The main driver is moving the current financial system onto blockchain rails. Blockchain offers real gains over the old banking system, chief among them instant settlement, which makes it a far better place to run money.
Regulation Was the Roadblock
The thing holding all this back was regulatory clarity. That is now arriving. The Genius Act has passed in the US, the Clarity Act is expected to follow, and MiCA is in place in Europe. With those rules landing, it is all systems go: institutions are jumping in and launching their own stablecoins, and a big jump in adoption is expected over the next year.
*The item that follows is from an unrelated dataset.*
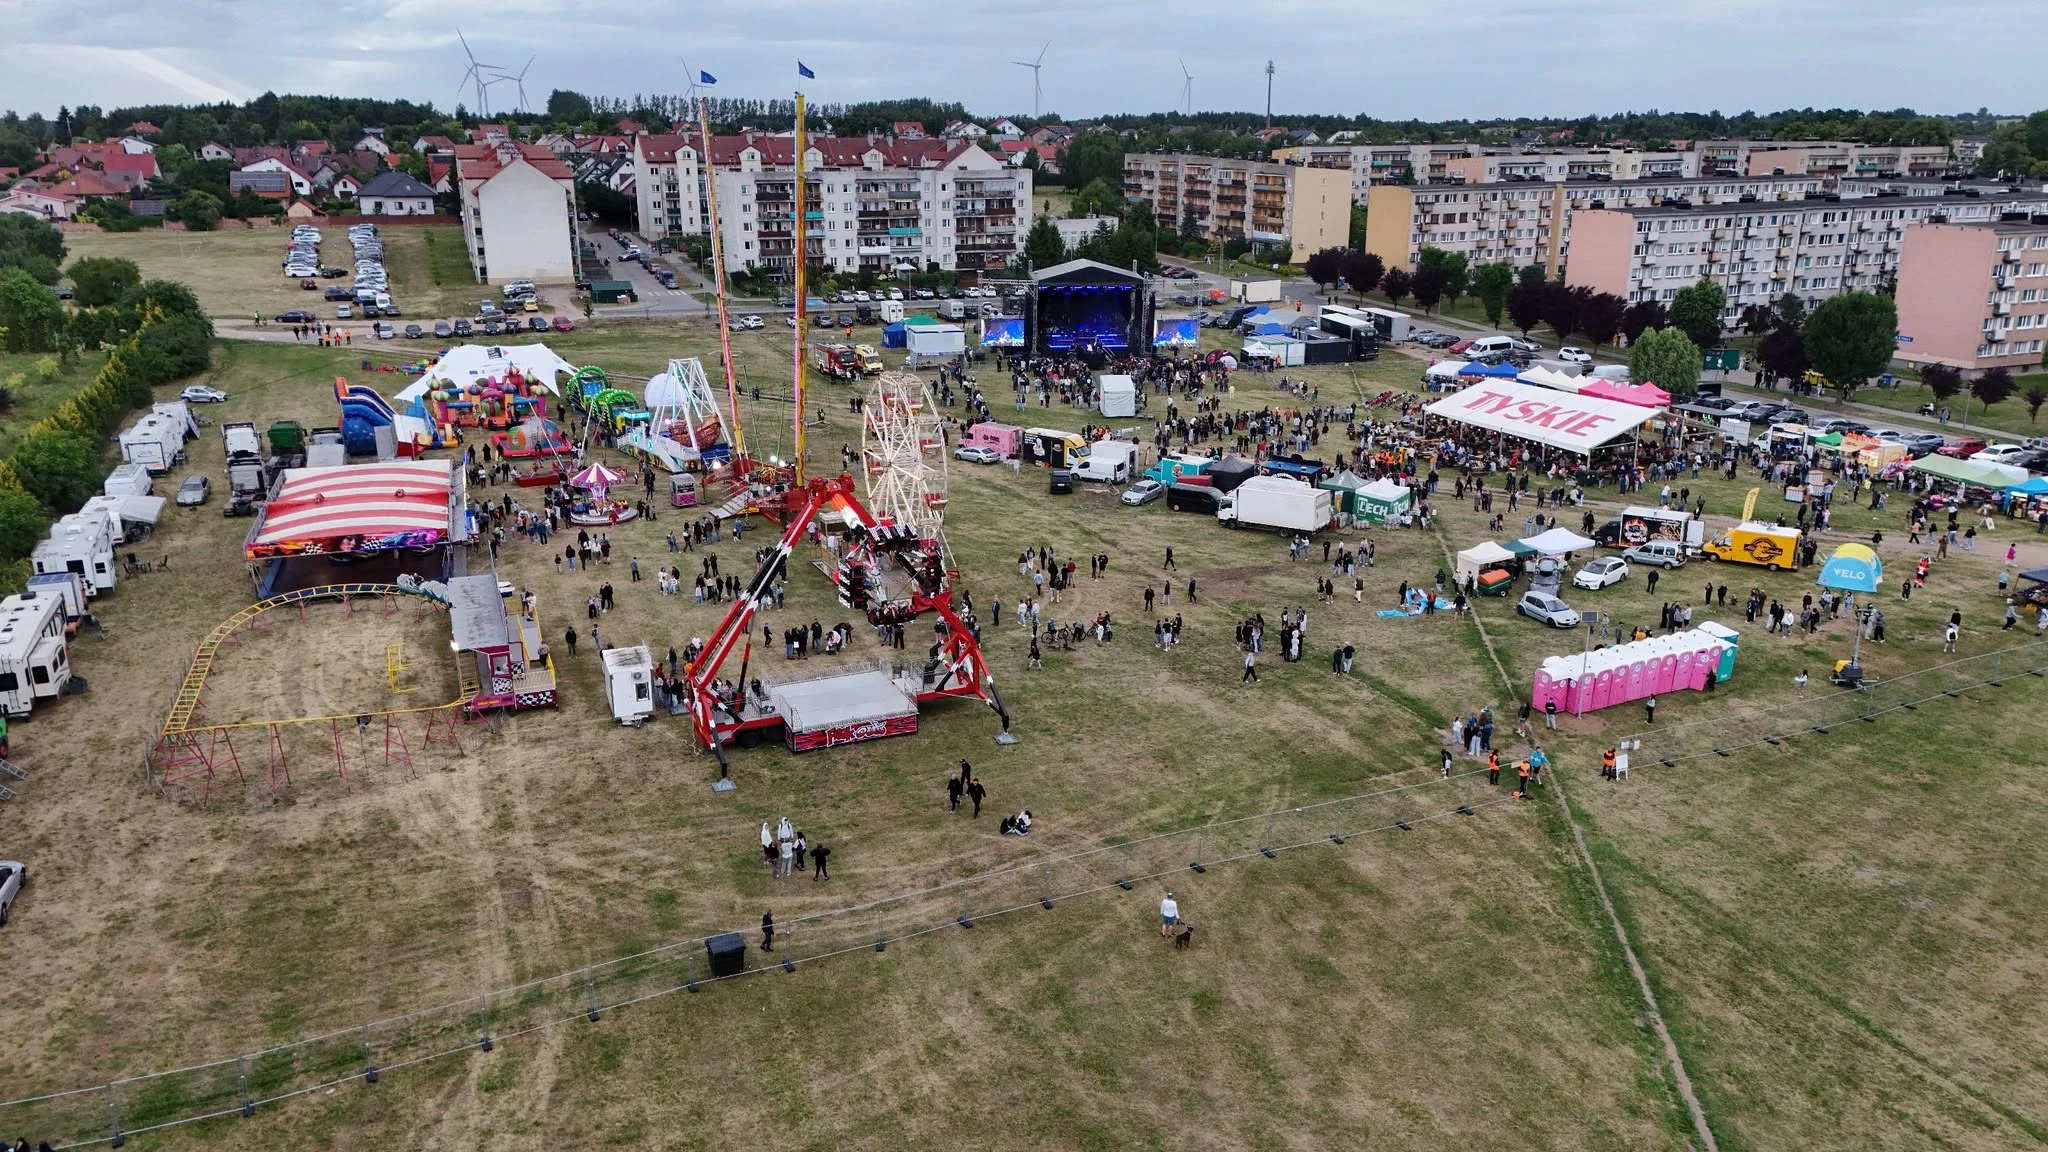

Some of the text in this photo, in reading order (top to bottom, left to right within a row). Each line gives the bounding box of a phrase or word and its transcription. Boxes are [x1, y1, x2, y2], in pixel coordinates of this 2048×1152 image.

[1463, 391, 1616, 437] TYSKIE
[1357, 497, 1388, 516] LECH
[1833, 567, 1866, 580] VELO
What was actually being held back by the missing rules, and what still needs doing? Stablecoins already found product-market fit without regulatory clarity. Before the new rules, they worked in use cases outside US crypto speculation. One of the most popular has been emerging-market access to the dollar, a top use for Tether. Another is cross-border remittances, which stay a pain for people sending money between countries. So stablecoins already added big value in those markets.
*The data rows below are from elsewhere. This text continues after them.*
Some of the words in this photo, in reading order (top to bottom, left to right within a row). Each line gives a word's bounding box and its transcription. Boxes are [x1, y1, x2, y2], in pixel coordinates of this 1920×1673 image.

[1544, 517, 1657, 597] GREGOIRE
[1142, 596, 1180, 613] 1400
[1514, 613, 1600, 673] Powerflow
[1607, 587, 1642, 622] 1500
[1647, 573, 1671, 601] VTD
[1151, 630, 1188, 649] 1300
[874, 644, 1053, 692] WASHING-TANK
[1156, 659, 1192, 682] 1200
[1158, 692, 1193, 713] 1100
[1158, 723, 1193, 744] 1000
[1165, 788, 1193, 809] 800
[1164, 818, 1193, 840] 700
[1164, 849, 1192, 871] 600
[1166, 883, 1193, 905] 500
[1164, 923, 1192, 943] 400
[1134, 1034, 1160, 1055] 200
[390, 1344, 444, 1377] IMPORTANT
Clarity now opens new use cases, chief among them payments. Payments is the big one. Forex payments is a massive market, and stablecoins do payments in a far more capital-efficient way. They cut out, and even remove, many of the middlemen and their fees, so money moves much faster.
What Spark Does
Spark provides liquidity infrastructure for newer stablecoins that want to launch but do not yet have scale. For example, Spark works with PayPal to provide market making and on-chain lending for PayPal's stablecoin, PYUSD. New stablecoins from traditional institutional players often do not know how to use blockchain rails. Spark has been in the industry since the beginning, so it can bootstrap these newer coins, partner with the institutions, and scale them up quickly.
Why can't banks and incumbents just build their own infrastructure instead of leaning on Spark? They could go down that road, but it takes a lot of work, and infrastructure built over many years already exists. It is far easier for an institution to partner with an industry expert like Spark than to build everything from scratch.
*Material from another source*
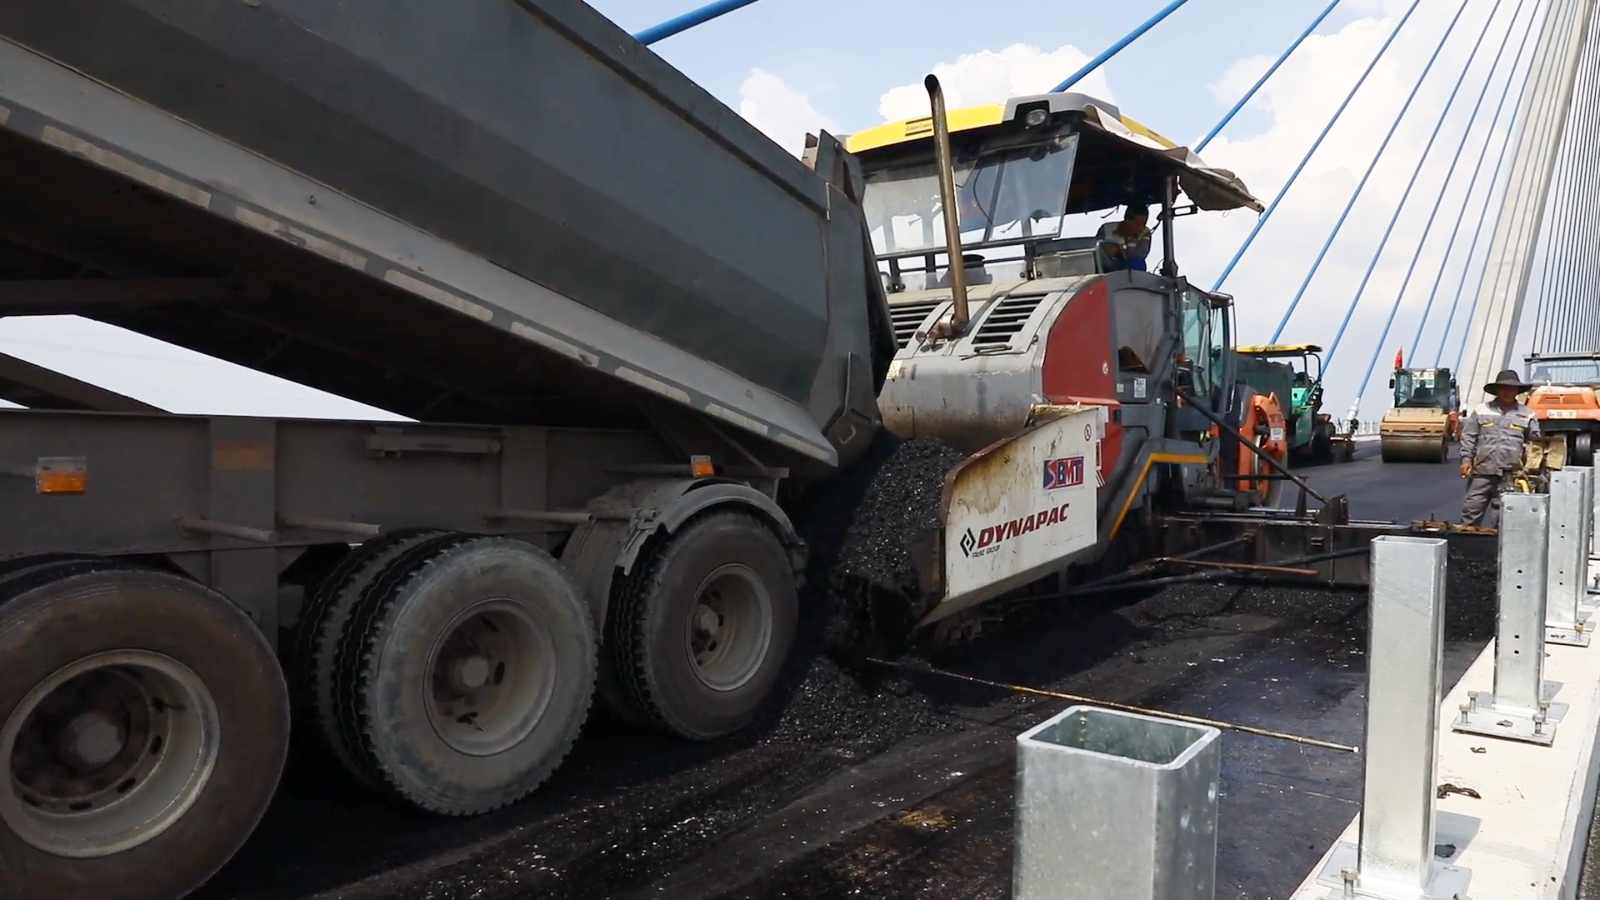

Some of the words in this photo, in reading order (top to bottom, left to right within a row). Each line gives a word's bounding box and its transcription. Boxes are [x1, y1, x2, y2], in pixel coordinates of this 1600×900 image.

What Success Looks Like in Five Years
The path from about $300 billion today to roughly $3 trillion by 2030 runs through two shifts: moving the payment system on chain, and growing tokenization of assets that live outside blockchain rails. These are called real-world assets, assets that exist in traditional finance. Tokenizing them lets money move much faster and unlocks a lot of capital efficiency. The value from moving payments on chain will drive much of the stablecoin market's overall growth.